(Stored dataset items)
↓
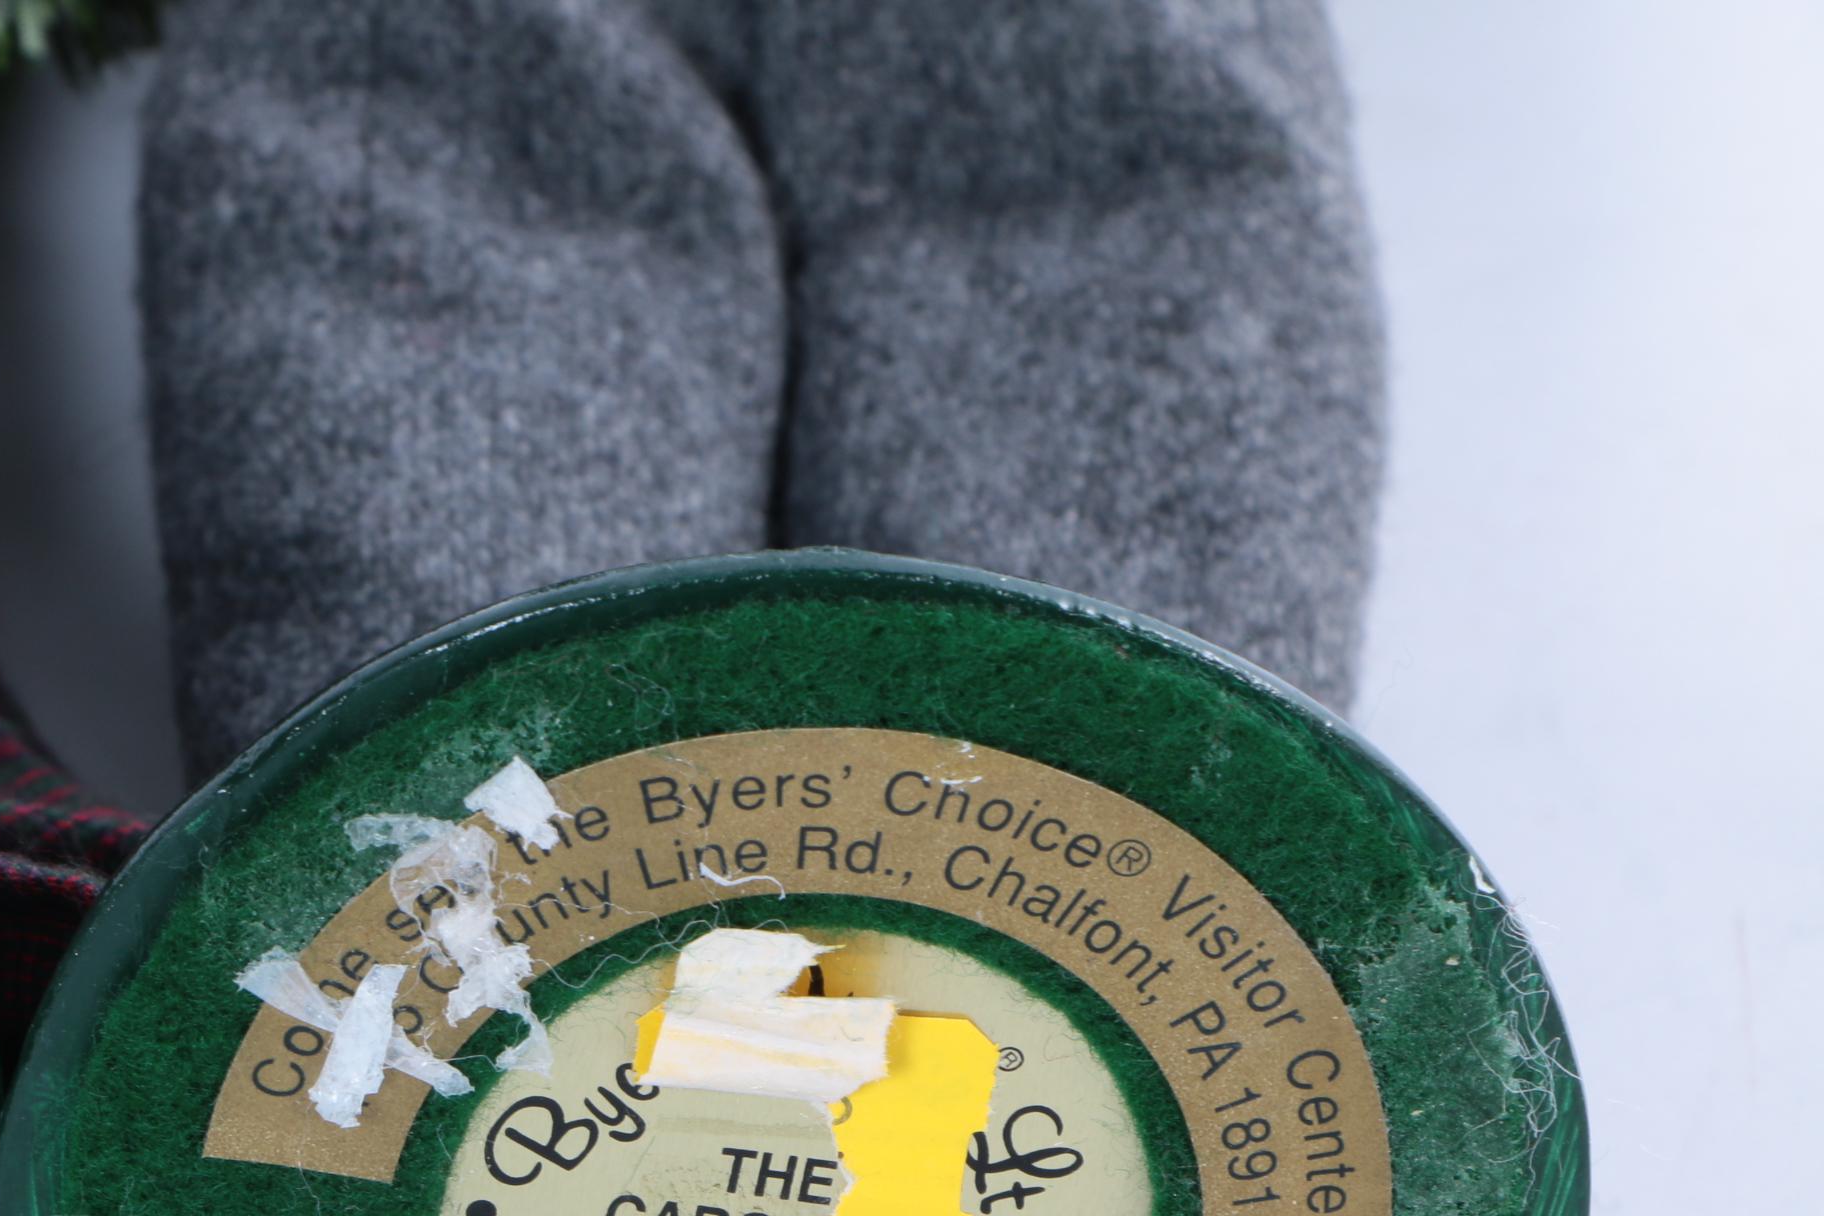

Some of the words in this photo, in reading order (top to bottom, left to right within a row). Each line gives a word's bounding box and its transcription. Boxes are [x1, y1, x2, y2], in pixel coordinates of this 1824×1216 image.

[419, 869, 613, 993] Cunty
[634, 836, 770, 892] Line
[796, 825, 914, 888] Rd.,
[943, 845, 1174, 1007] Chalfont,
[1169, 1001, 1243, 1080] PA
[640, 766, 853, 827] Byers'
[1160, 872, 1306, 1030] Visitor
[721, 1146, 838, 1206] THE
↑
Each line above is to be duplicated exactly, and the pictures are to be omitted.

Some of the words in this photo, in reading order (top to bottom, left to right within a row). Each line gives a word's bounding box and its transcription. Boxes are [x1, y1, x2, y2], in pixel coordinates of this 1824×1216 image.

[419, 869, 613, 993] Cunty
[634, 836, 770, 892] Line
[796, 825, 914, 888] Rd.,
[943, 845, 1174, 1007] Chalfont,
[1169, 1001, 1243, 1080] PA
[640, 766, 853, 827] Byers'
[1160, 872, 1306, 1030] Visitor
[721, 1146, 838, 1206] THE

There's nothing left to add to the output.